Двоепупов, с интересом слушавший рассказ Прохора, вдруг перебил его:

– Слушай, Прошка, а тебе операцию под наркозом делали?

– Нет, – ответил тот. – Не знаю, о чем ты барин говоришь, но мне дали понюхать какой-то гадости, и я больше ничего не помню. Очнулся, а ноги уже нет.

– Вот-вот. Это и называется – эфирный наркоз. Надо же, даже солдатам сейчас делают! В мое время никто про это ничего не знал. Меня вон, под Смоленском саблей рубанули, так рану зашивали на живую. Ох, и натерпелся я тогда! И лекаря за это не придушил и не съел! А тебя за зад Бобик тяпнул и – на тебе!

– Тузик, – виновато поправил барина Прохор.

– Да какая к бесу разница! Продолжай уж, тузикоед несчастный…

– Потом меня вывезли в Бахчисарай и там я еще четыре месяца в лазарете валялся. Затем мне от щедрот государя выдали деревянную ногу, назначили целых десять рублей пенсиона в год и сказали, что я могу идти на все четыре стороны. Я и пошел. Думал, в каком-нибудь городишке осяду, работу сторожа найду… Где там! Инвалиды никому не нужны. Пять лет я скитался и решил все ж вернуться в родные края. Вот и весь сказ.

– Н-да, – протянул барин, прищурив глаза. – Пенсия у тебя, конечно, та еще… Ладно. Возьму тебя к себе писарем, потому что Филька помер, а сам я не справляюсь с бумагами. Руки у тебя целы, посему избу поставишь сам. Лесу я тебе дам, плюс – кормежка. Отработаешь все это. В деревне, я думаю, найдешь, у кого остановиться, пока не обоснуешься. Придешь в усадьбу через неделю, я расскажу, что тебе придется делать. Все понятно?

– Спасибо вам барин за доброту вашу, – с чувством сказал Прохор.

– Это все из-за твоего геройства, – ответил Двоепупов. – Уважаю я героев, кровь за Россию проливших… Да, к собакам моим даже не подходи! Не посмотрю на твою инвалидность, выпорю!

– Так меня ж нельзя пороть, – с достоинством произнес Прохор. – Мой унтер-офицерский статус теперь вольный!
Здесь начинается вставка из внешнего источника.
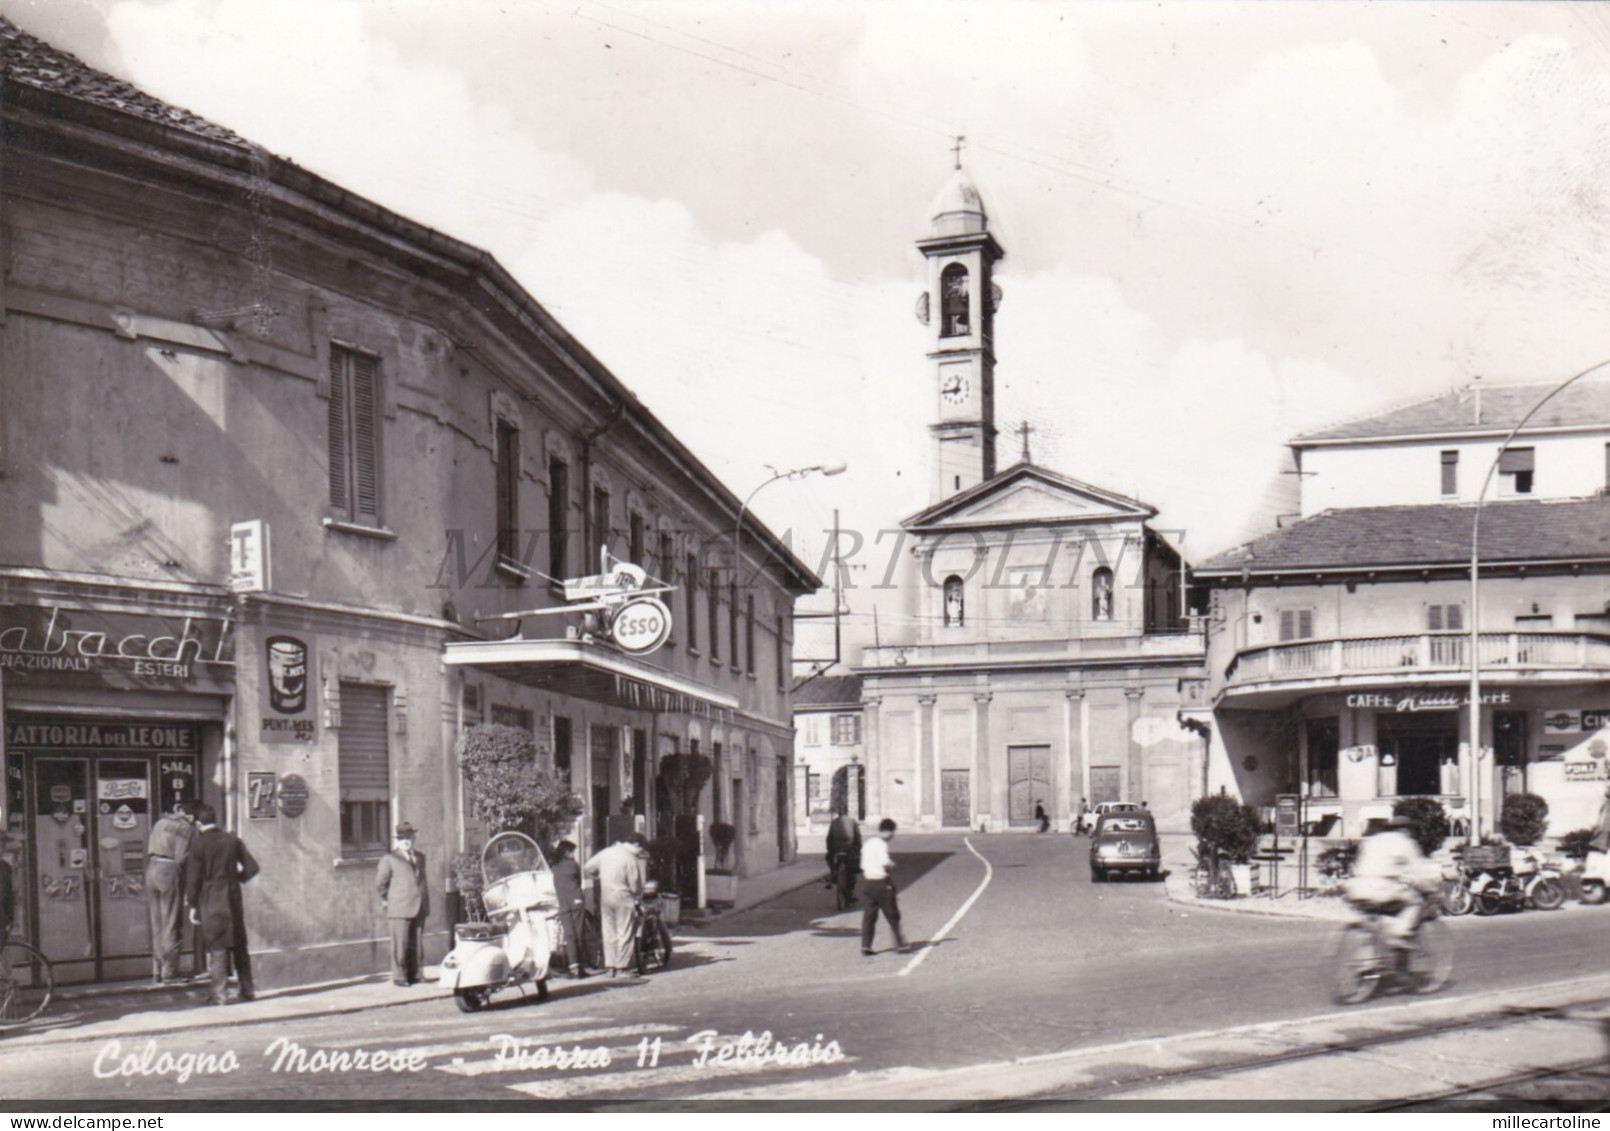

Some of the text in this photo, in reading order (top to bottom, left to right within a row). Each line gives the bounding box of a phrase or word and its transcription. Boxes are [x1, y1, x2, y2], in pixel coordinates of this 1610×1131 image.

[1, 653, 189, 677] NAZIONALI ESTERI
[1346, 694, 1394, 708] CAFFE
[104, 733, 128, 746] DEL
[129, 728, 190, 747] LEONE
[161, 762, 193, 775] SALA
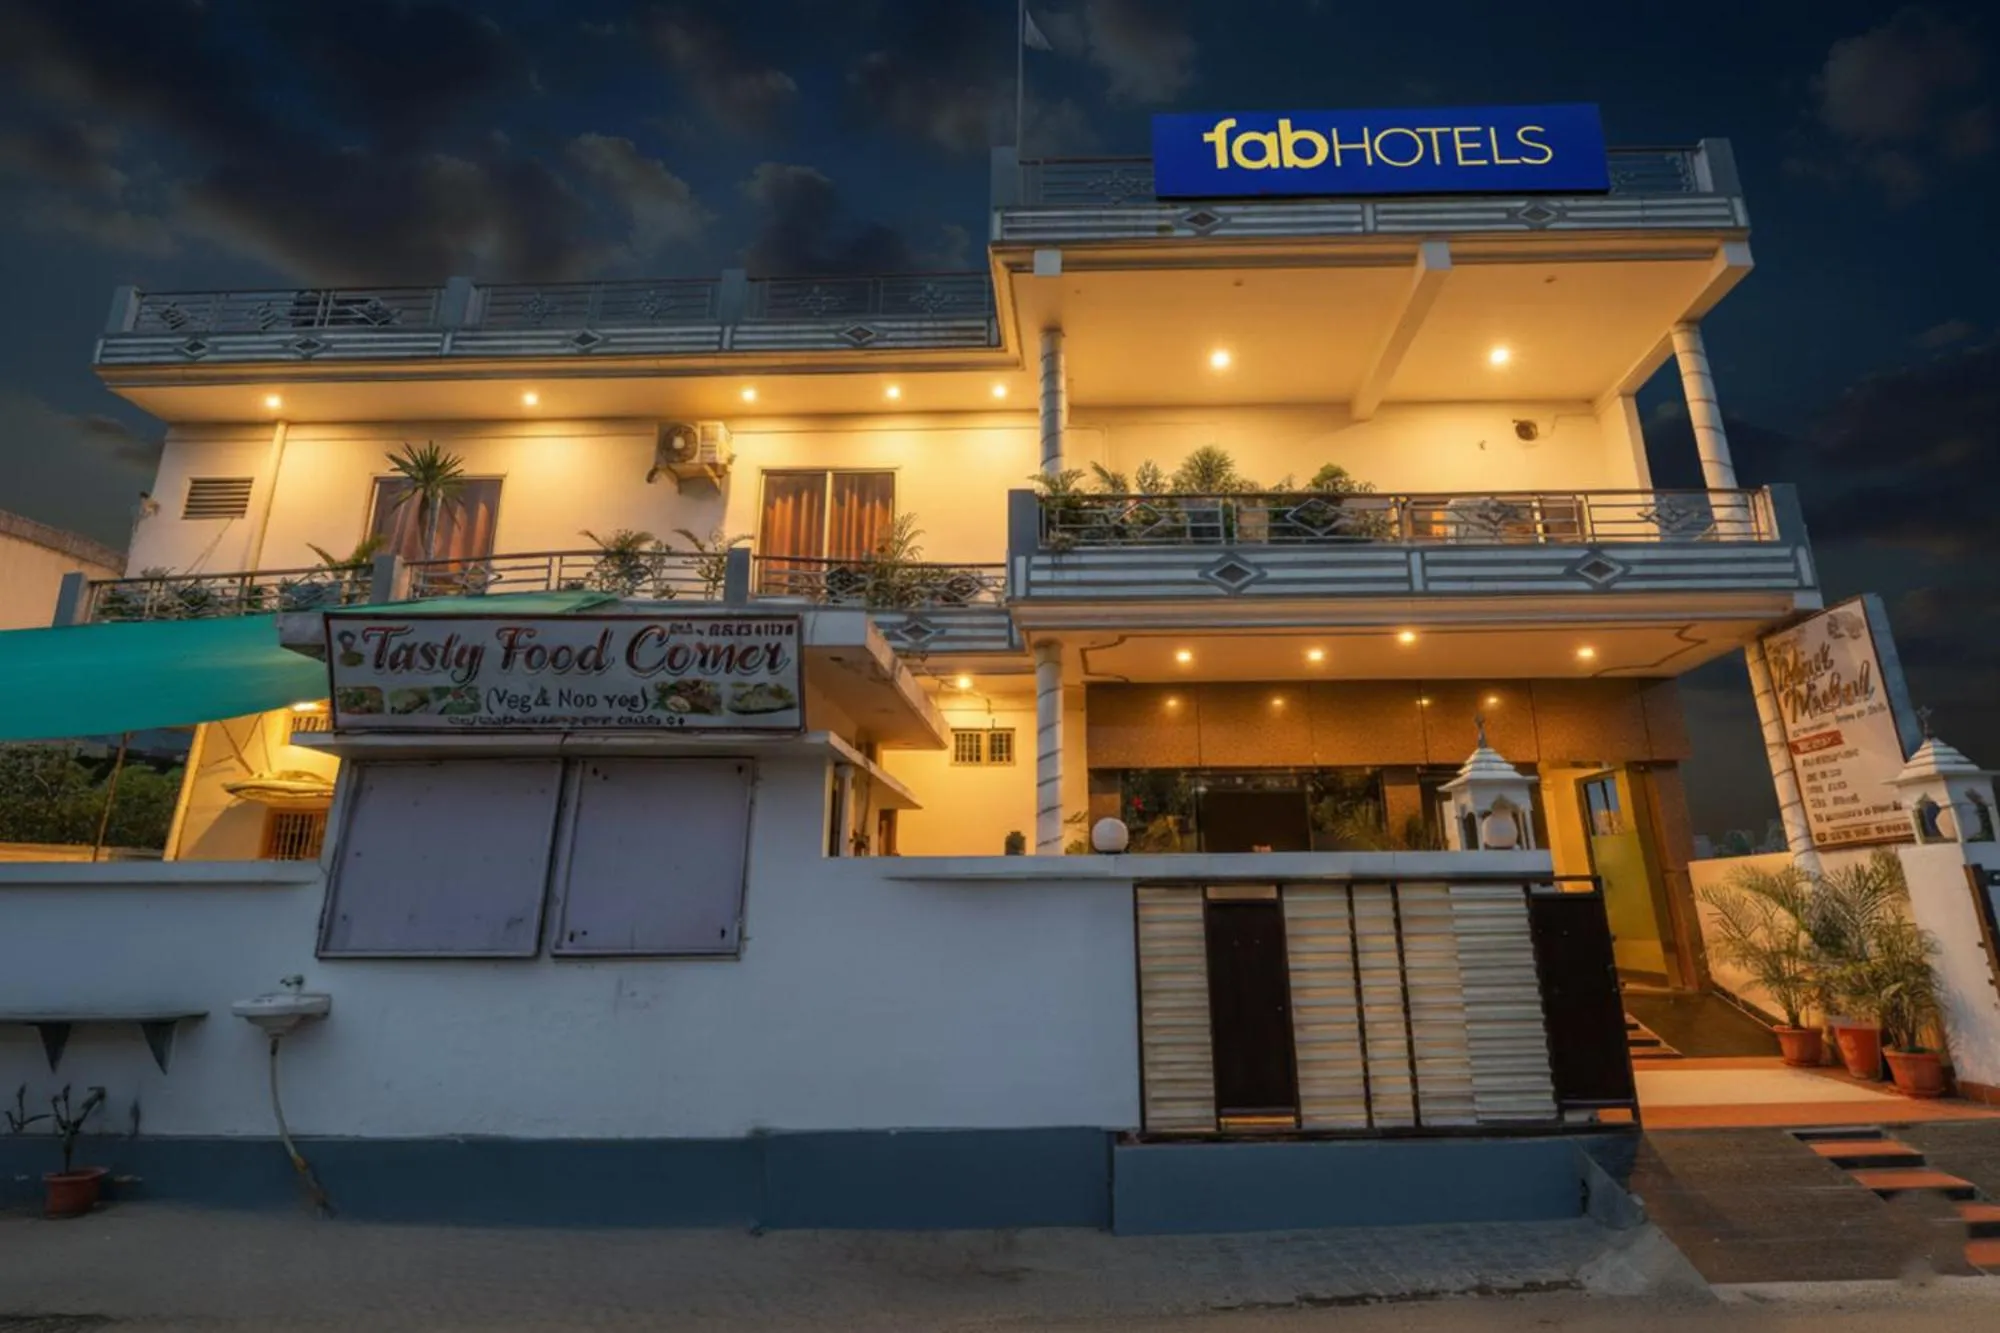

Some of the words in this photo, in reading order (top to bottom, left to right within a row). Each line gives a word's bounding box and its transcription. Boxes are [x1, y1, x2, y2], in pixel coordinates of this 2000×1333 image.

– Ха-ха-ха, – скрипуче рассмеялся барин. – Слов-то каких нахватался! Статус, дуратус, еще коитус вспомни! Эх, Россия-матушка… К твоему сведению, с февраля этого года теперь все вольные. Благодаря манифесту царскому, ни дна б ему, ни покрышки!

Двоепупов злобно сплюнул через левое плечо и добавил:

– Только кому от этого манифеста легче стало – непонятно. Таким, как ты – уж точно не легче… Все, ступай и запомни, если что – выпорю как собаку!

Прохор спросил:

– А вы барин случаем не знаете, что сталось с моими родными, пока меня не было?

– Это с Авдеем Федотовым, что ли? Знаю. Он в пьяном виде на лесопилке под пилу попал. А мать твоя по грибы пошла, и ее волки задрали. Могилки тебе поп Пафнутий покажет.

Прохор, ничуть не удивившись сказанному, поинтересовался:

– У меня еще сестрица была. Жива ль?

– Да, помню, – сообщил Двоепупов. – Беда с твоими родителями случилась более двадцати лет назад. Сестра осталась одна, и я ее замуж выдал за Митьку Фролова. А избу вашу на бревна разобрали за ее ненадобностью.

Прохор молча развернулся и, не попрощавшись с барином, побрел, хромая, к деревенской околице.


В деревне было тихо. Прохор понял, что все крестьяне находятся в поле. Пока он беседовал с барином, солнце склонилось к горизонту и из этого следовало, что скоро народ потянется домой. Инвалиду вдруг сильно захотелось есть. Он взглянул на купол небольшой церкви, видневшийся сквозь ветви деревьев, и подумал об отце Пафнутии.